Aim of the exercise: Exact copies of the lines from the line containing "this 1932×1932 image." through the last line of the entries below are the whole answer.

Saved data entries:

··········

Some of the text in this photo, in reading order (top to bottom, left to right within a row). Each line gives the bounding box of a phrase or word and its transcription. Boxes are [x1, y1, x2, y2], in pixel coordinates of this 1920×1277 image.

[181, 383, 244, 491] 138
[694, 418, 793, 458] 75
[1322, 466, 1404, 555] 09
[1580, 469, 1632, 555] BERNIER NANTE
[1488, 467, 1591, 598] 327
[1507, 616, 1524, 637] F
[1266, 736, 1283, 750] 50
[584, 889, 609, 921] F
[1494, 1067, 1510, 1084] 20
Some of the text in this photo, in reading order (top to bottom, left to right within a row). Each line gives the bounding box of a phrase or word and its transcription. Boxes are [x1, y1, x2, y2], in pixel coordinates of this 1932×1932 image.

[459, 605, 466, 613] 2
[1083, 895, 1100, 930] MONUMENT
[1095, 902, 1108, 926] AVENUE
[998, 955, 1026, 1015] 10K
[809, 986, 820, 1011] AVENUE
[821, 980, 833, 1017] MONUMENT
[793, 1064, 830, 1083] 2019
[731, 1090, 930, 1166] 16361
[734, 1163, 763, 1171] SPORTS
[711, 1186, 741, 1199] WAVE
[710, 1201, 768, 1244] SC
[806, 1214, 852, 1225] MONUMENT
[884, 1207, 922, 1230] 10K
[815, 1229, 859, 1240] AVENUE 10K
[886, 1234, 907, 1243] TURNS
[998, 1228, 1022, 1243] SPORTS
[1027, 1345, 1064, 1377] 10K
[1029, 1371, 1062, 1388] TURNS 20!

··········

Result below:
Some of the text in this photo, in reading order (top to bottom, left to right within a row). Each line gives the bounding box of a phrase or word and its transcription. Boxes are [x1, y1, x2, y2], in pixel coordinates of this 1932×1932 image.

[459, 605, 466, 613] 2
[1083, 895, 1100, 930] MONUMENT
[1095, 902, 1108, 926] AVENUE
[998, 955, 1026, 1015] 10K
[809, 986, 820, 1011] AVENUE
[821, 980, 833, 1017] MONUMENT
[793, 1064, 830, 1083] 2019
[731, 1090, 930, 1166] 16361
[734, 1163, 763, 1171] SPORTS
[711, 1186, 741, 1199] WAVE
[710, 1201, 768, 1244] SC
[806, 1214, 852, 1225] MONUMENT
[884, 1207, 922, 1230] 10K
[815, 1229, 859, 1240] AVENUE 10K
[886, 1234, 907, 1243] TURNS
[998, 1228, 1022, 1243] SPORTS
[1027, 1345, 1064, 1377] 10K
[1029, 1371, 1062, 1388] TURNS 20!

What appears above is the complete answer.